Page 1 of To Protect a Wolf


Font Size:

Of all the people in the world, Claire wasn’t supposed to tell her to let this go.

“That’s not what I’m saying.” Claire reached halfway across the table and rested her hand there, palm down, the closest she got to physical touch.

Ember breathed deep and held it, then let it out slowly. Her chest remained tight. She got up from the café table in Claire’s alcove kitchen and walked to the sliding-glass door. She stared out onto the dark patio, dim under a porch light with only one working bulb. A moth danced against the screen, bounced back, tried again. That thwarted frustration was too relatable at the moment. She pressed her palm to the glass.

“Poppy literally doesn’t know where he is. Her own kid.”

“I admit that part’s unusual. But no one kidnapped him, Ember, really. Quinn had to agree to stay with the pack, and for minors the parents have to agree too. In writing, I think.”

“They…” She had to breathe deep again. She crossed to the table, sank into her chair, and curved her hands around the seat. “They signed away their parental rights?”

“It’s not a legal court document, but the pack requires official consent for guardianship. Anyway Quinn’s going to be an adult in five years. It’s not like Poppy and Blake said goodbye to a toddler.”

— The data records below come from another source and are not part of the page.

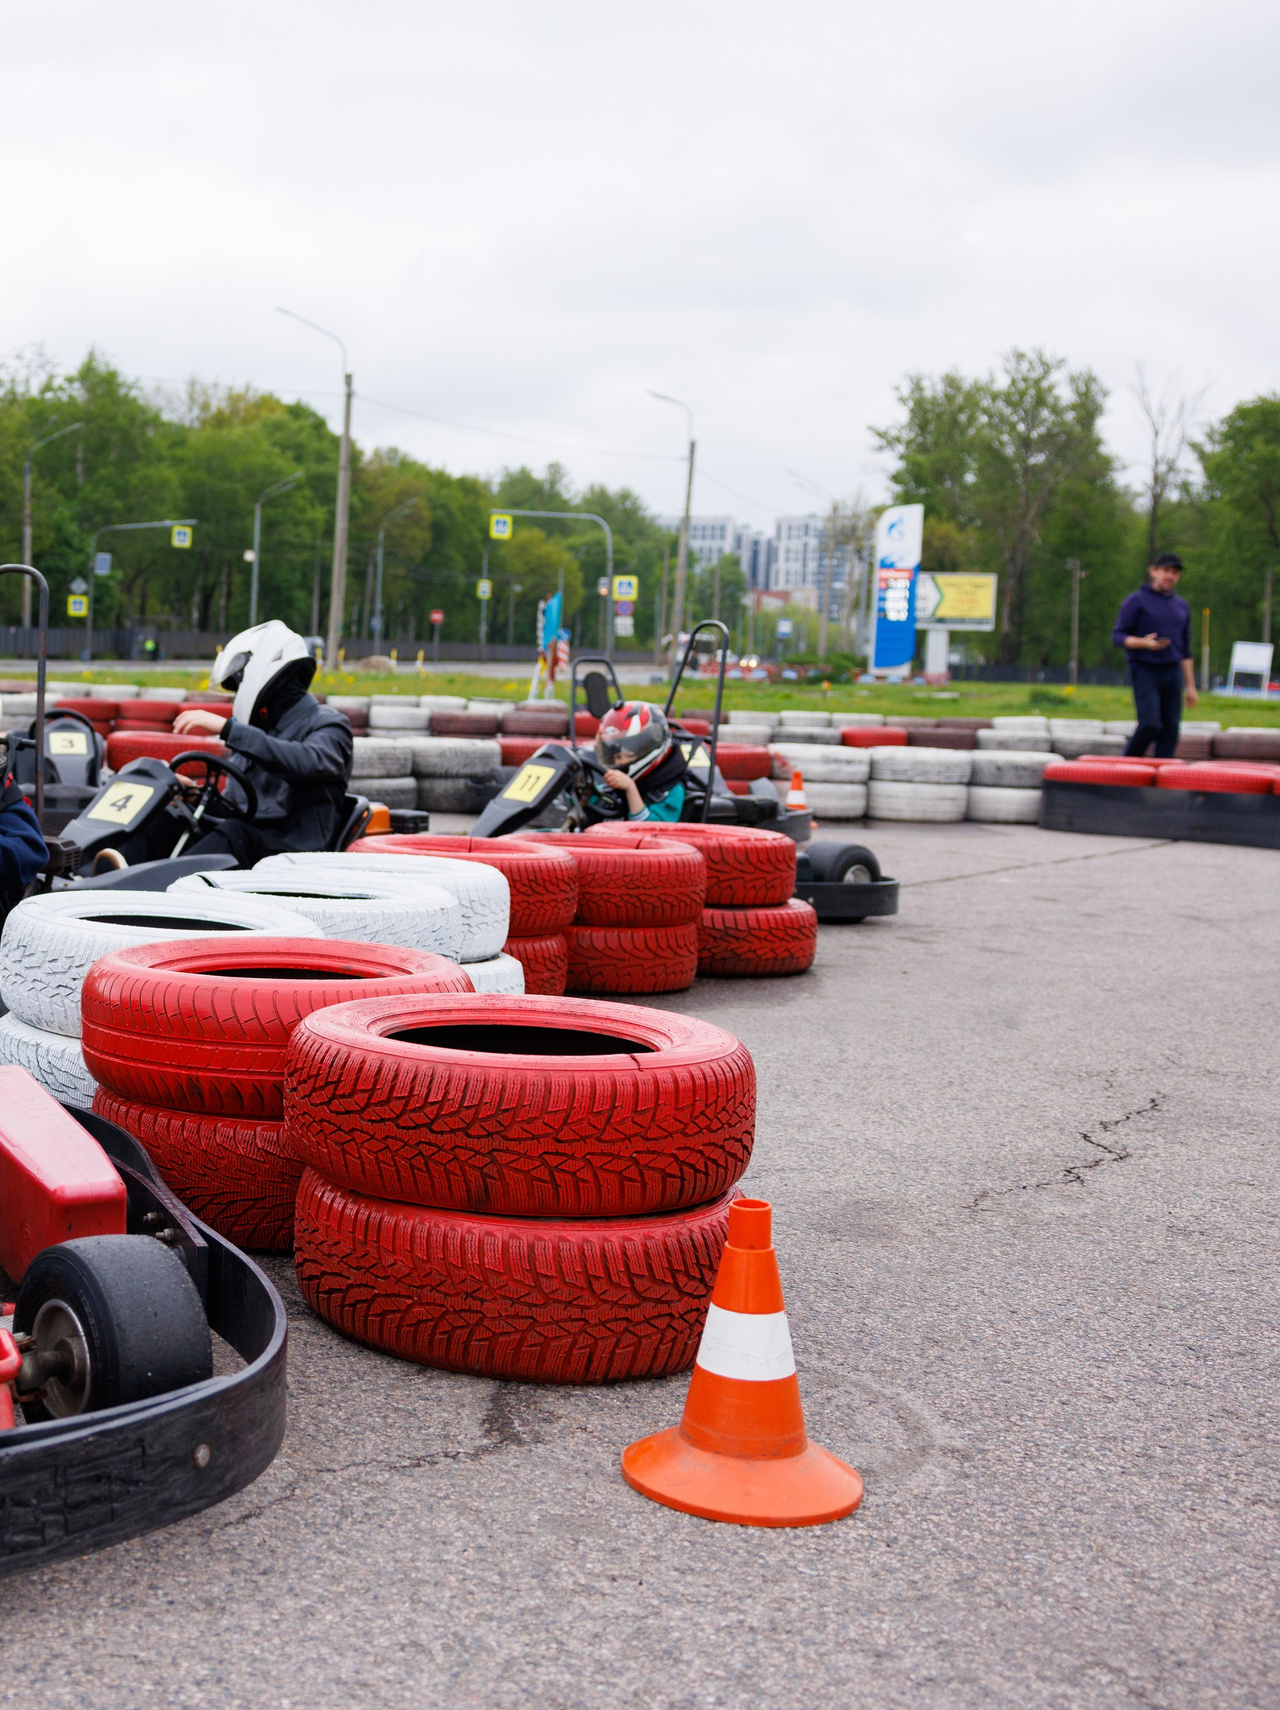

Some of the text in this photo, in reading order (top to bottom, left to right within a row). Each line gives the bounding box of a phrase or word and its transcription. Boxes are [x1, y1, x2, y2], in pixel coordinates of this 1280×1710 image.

[61, 738, 74, 749] 3
[520, 774, 540, 792] 11
[110, 794, 134, 811] 4
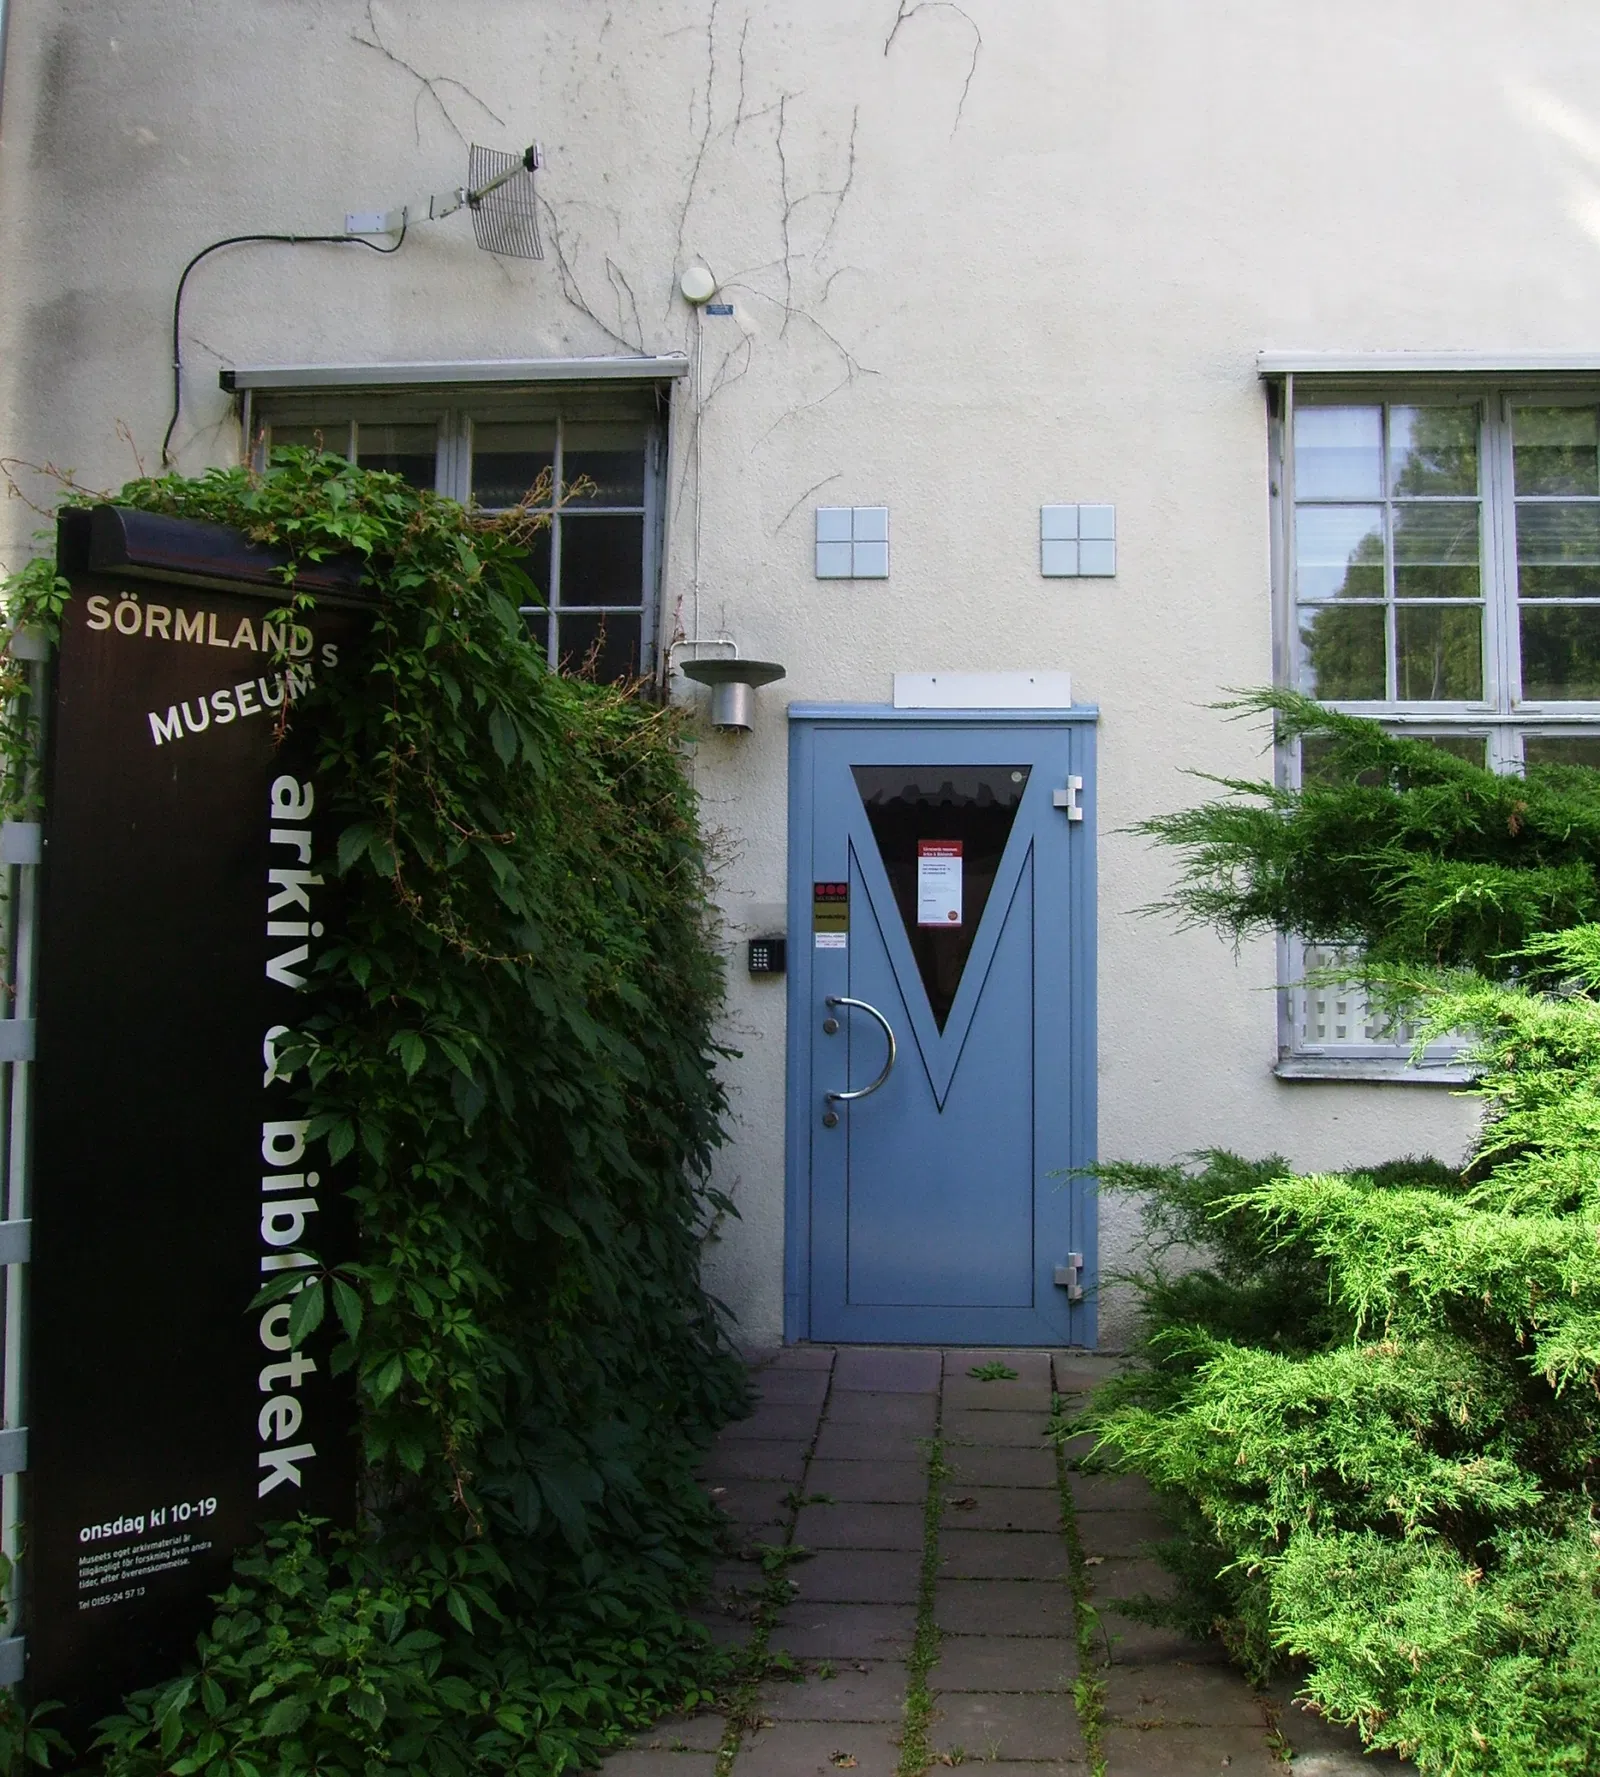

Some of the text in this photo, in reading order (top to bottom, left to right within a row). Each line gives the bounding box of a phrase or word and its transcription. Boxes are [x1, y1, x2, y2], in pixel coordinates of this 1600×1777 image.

[148, 662, 316, 745] MUSEUM
[266, 775, 325, 990] arkiv
[79, 1497, 217, 1542] onsdag kl 10-19
[78, 1533, 191, 1565] Museets eget arkivmaterial är
[79, 1541, 212, 1578] tillgängligt för forskning även andra
[101, 1572, 119, 1583] efter
[78, 1600, 90, 1610] Tel
[91, 1592, 123, 1607] 0155-24
[137, 1586, 146, 1597] 13
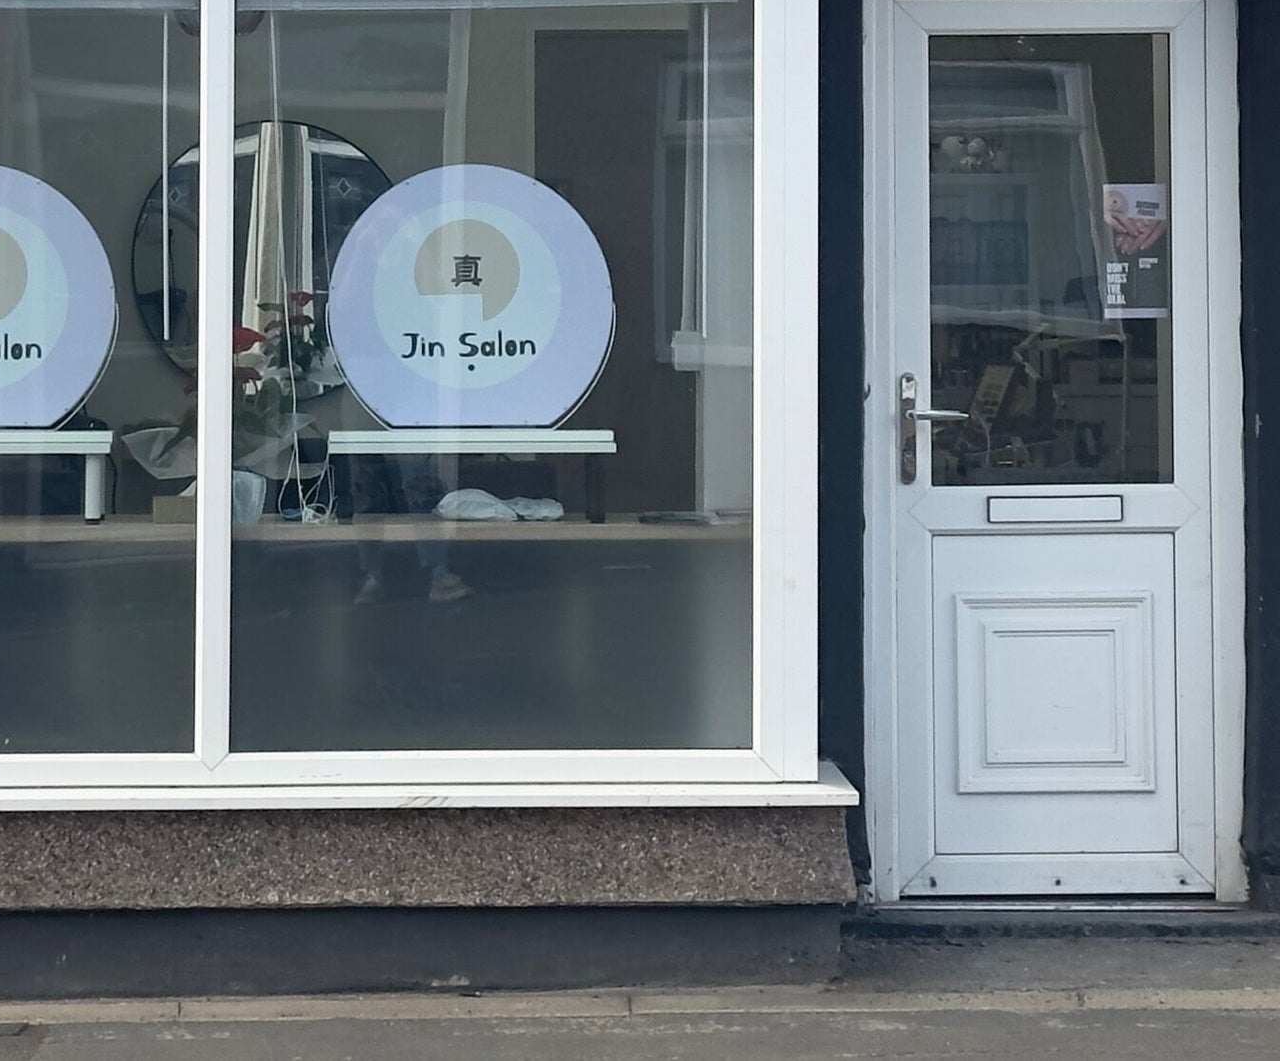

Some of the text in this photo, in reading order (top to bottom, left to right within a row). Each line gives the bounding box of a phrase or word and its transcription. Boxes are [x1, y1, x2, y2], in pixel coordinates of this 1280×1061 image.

Not a toddler but certainly a child. A child with gangly limbs, sprouting so fast Ember had to look up at him already. A child with a voice that cracked. A child who still grinned and bounded up with his loping stride whenever she visited. Her throat closed as her eyes burned.

“I’m sorry, Em. But I promise you it’s not what you think it is.”

“The pack took his phone away.”

“Or there’s no signal where he is. Or he turned the phone off himself because he’s going through a lot of junk right now and wants space to sort through it.”

“I just want to see him. That’s not unreasonable.”

Claire gave a long sigh and rocked her chair onto its back legs, keeping it balanced on the striped accent rug with her feet tucked around the front legs. It was her classic thinking pose and one of the mysteries of Claire—how she challenged the rules of gravity and won.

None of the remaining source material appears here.